Segment Start: Material to process

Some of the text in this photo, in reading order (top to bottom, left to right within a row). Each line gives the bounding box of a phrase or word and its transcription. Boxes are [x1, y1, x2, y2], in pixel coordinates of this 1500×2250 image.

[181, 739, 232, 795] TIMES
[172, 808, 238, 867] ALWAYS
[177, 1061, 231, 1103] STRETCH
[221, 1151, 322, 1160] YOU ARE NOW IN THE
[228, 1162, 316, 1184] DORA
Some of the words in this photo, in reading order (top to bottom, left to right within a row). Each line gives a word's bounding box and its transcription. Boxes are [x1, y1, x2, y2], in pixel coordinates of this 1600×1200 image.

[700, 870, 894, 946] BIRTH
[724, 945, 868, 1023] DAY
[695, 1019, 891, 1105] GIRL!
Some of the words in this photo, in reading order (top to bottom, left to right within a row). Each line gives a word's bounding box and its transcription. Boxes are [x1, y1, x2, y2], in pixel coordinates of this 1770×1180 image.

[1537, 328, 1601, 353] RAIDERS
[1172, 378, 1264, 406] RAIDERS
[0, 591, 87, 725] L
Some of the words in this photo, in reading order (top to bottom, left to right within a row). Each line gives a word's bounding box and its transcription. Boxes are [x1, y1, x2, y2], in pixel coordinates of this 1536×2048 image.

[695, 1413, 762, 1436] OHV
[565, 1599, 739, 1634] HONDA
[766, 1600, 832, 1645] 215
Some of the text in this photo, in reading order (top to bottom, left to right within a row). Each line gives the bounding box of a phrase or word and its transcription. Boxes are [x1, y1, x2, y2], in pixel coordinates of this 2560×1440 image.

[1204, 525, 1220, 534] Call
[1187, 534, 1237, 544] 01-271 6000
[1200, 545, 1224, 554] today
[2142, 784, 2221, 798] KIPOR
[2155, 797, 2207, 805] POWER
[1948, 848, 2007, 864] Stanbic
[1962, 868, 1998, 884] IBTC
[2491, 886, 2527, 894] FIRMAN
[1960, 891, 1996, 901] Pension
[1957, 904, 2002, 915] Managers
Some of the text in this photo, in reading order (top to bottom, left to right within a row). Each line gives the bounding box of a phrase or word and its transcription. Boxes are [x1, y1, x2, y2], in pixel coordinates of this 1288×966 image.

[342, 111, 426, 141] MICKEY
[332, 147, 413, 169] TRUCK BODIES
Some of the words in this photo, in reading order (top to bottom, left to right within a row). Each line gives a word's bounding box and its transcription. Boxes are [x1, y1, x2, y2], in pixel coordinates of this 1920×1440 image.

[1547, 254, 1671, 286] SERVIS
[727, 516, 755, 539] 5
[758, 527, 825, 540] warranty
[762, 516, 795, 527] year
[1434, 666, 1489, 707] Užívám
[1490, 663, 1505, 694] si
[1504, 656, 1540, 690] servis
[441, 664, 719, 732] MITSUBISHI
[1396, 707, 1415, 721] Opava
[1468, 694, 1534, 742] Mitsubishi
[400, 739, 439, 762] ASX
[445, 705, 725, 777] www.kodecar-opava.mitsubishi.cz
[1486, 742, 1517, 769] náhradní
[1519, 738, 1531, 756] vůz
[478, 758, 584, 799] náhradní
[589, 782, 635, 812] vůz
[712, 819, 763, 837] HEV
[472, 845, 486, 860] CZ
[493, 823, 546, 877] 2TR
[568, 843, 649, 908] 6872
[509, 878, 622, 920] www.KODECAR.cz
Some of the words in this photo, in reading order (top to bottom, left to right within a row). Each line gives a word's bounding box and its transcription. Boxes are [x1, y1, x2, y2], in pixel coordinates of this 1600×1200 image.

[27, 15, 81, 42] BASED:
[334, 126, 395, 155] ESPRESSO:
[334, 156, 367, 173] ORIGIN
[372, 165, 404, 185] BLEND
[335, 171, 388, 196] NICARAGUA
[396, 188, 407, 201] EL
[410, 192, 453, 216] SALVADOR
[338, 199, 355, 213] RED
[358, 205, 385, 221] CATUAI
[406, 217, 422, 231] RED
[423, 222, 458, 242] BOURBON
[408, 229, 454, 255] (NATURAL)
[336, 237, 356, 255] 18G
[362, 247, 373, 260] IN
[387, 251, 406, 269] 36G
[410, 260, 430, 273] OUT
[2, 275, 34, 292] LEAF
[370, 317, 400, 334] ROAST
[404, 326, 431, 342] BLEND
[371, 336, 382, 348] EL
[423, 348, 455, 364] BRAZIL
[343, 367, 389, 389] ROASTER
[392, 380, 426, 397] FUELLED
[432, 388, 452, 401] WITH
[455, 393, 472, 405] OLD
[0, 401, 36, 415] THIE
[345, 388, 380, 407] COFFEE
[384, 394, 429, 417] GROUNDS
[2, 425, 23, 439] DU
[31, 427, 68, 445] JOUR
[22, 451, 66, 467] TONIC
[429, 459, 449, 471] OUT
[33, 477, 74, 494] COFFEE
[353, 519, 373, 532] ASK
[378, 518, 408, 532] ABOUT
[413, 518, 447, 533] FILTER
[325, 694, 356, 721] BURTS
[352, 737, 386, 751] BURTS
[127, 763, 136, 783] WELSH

Segment End: Material to process

**What you should do**
A faithful transcription of all the material is what this exercise calls for.

**Answer to the problem**
Some of the text in this photo, in reading order (top to bottom, left to right within a row). Each line gives the bounding box of a phrase or word and its transcription. Boxes are [x1, y1, x2, y2], in pixel coordinates of this 1500×2250 image.

[181, 739, 232, 795] TIMES
[172, 808, 238, 867] ALWAYS
[177, 1061, 231, 1103] STRETCH
[221, 1151, 322, 1160] YOU ARE NOW IN THE
[228, 1162, 316, 1184] DORA
Some of the words in this photo, in reading order (top to bottom, left to right within a row). Each line gives a word's bounding box and its transcription. Boxes are [x1, y1, x2, y2], in pixel coordinates of this 1600×1200 image.

[700, 870, 894, 946] BIRTH
[724, 945, 868, 1023] DAY
[695, 1019, 891, 1105] GIRL!
Some of the words in this photo, in reading order (top to bottom, left to right within a row). Each line gives a word's bounding box and its transcription. Boxes are [x1, y1, x2, y2], in pixel coordinates of this 1770×1180 image.

[1537, 328, 1601, 353] RAIDERS
[1172, 378, 1264, 406] RAIDERS
[0, 591, 87, 725] L
Some of the words in this photo, in reading order (top to bottom, left to right within a row). Each line gives a word's bounding box and its transcription. Boxes are [x1, y1, x2, y2], in pixel coordinates of this 1536×2048 image.

[695, 1413, 762, 1436] OHV
[565, 1599, 739, 1634] HONDA
[766, 1600, 832, 1645] 215
Some of the text in this photo, in reading order (top to bottom, left to right within a row). Each line gives the bounding box of a phrase or word and its transcription. Boxes are [x1, y1, x2, y2], in pixel coordinates of this 2560×1440 image.

[1204, 525, 1220, 534] Call
[1187, 534, 1237, 544] 01-271 6000
[1200, 545, 1224, 554] today
[2142, 784, 2221, 798] KIPOR
[2155, 797, 2207, 805] POWER
[1948, 848, 2007, 864] Stanbic
[1962, 868, 1998, 884] IBTC
[2491, 886, 2527, 894] FIRMAN
[1960, 891, 1996, 901] Pension
[1957, 904, 2002, 915] Managers
Some of the text in this photo, in reading order (top to bottom, left to right within a row). Each line gives the bounding box of a phrase or word and its transcription. Boxes are [x1, y1, x2, y2], in pixel coordinates of this 1288×966 image.

[342, 111, 426, 141] MICKEY
[332, 147, 413, 169] TRUCK BODIES
Some of the words in this photo, in reading order (top to bottom, left to right within a row). Each line gives a word's bounding box and its transcription. Boxes are [x1, y1, x2, y2], in pixel coordinates of this 1920×1440 image.

[1547, 254, 1671, 286] SERVIS
[727, 516, 755, 539] 5
[758, 527, 825, 540] warranty
[762, 516, 795, 527] year
[1434, 666, 1489, 707] Užívám
[1490, 663, 1505, 694] si
[1504, 656, 1540, 690] servis
[441, 664, 719, 732] MITSUBISHI
[1396, 707, 1415, 721] Opava
[1468, 694, 1534, 742] Mitsubishi
[400, 739, 439, 762] ASX
[445, 705, 725, 777] www.kodecar-opava.mitsubishi.cz
[1486, 742, 1517, 769] náhradní
[1519, 738, 1531, 756] vůz
[478, 758, 584, 799] náhradní
[589, 782, 635, 812] vůz
[712, 819, 763, 837] HEV
[472, 845, 486, 860] CZ
[493, 823, 546, 877] 2TR
[568, 843, 649, 908] 6872
[509, 878, 622, 920] www.KODECAR.cz
Some of the words in this photo, in reading order (top to bottom, left to right within a row). Each line gives a word's bounding box and its transcription. Boxes are [x1, y1, x2, y2], in pixel coordinates of this 1600×1200 image.

[27, 15, 81, 42] BASED:
[334, 126, 395, 155] ESPRESSO:
[334, 156, 367, 173] ORIGIN
[372, 165, 404, 185] BLEND
[335, 171, 388, 196] NICARAGUA
[396, 188, 407, 201] EL
[410, 192, 453, 216] SALVADOR
[338, 199, 355, 213] RED
[358, 205, 385, 221] CATUAI
[406, 217, 422, 231] RED
[423, 222, 458, 242] BOURBON
[408, 229, 454, 255] (NATURAL)
[336, 237, 356, 255] 18G
[362, 247, 373, 260] IN
[387, 251, 406, 269] 36G
[410, 260, 430, 273] OUT
[2, 275, 34, 292] LEAF
[370, 317, 400, 334] ROAST
[404, 326, 431, 342] BLEND
[371, 336, 382, 348] EL
[423, 348, 455, 364] BRAZIL
[343, 367, 389, 389] ROASTER
[392, 380, 426, 397] FUELLED
[432, 388, 452, 401] WITH
[455, 393, 472, 405] OLD
[0, 401, 36, 415] THIE
[345, 388, 380, 407] COFFEE
[384, 394, 429, 417] GROUNDS
[2, 425, 23, 439] DU
[31, 427, 68, 445] JOUR
[22, 451, 66, 467] TONIC
[429, 459, 449, 471] OUT
[33, 477, 74, 494] COFFEE
[353, 519, 373, 532] ASK
[378, 518, 408, 532] ABOUT
[413, 518, 447, 533] FILTER
[325, 694, 356, 721] BURTS
[352, 737, 386, 751] BURTS
[127, 763, 136, 783] WELSH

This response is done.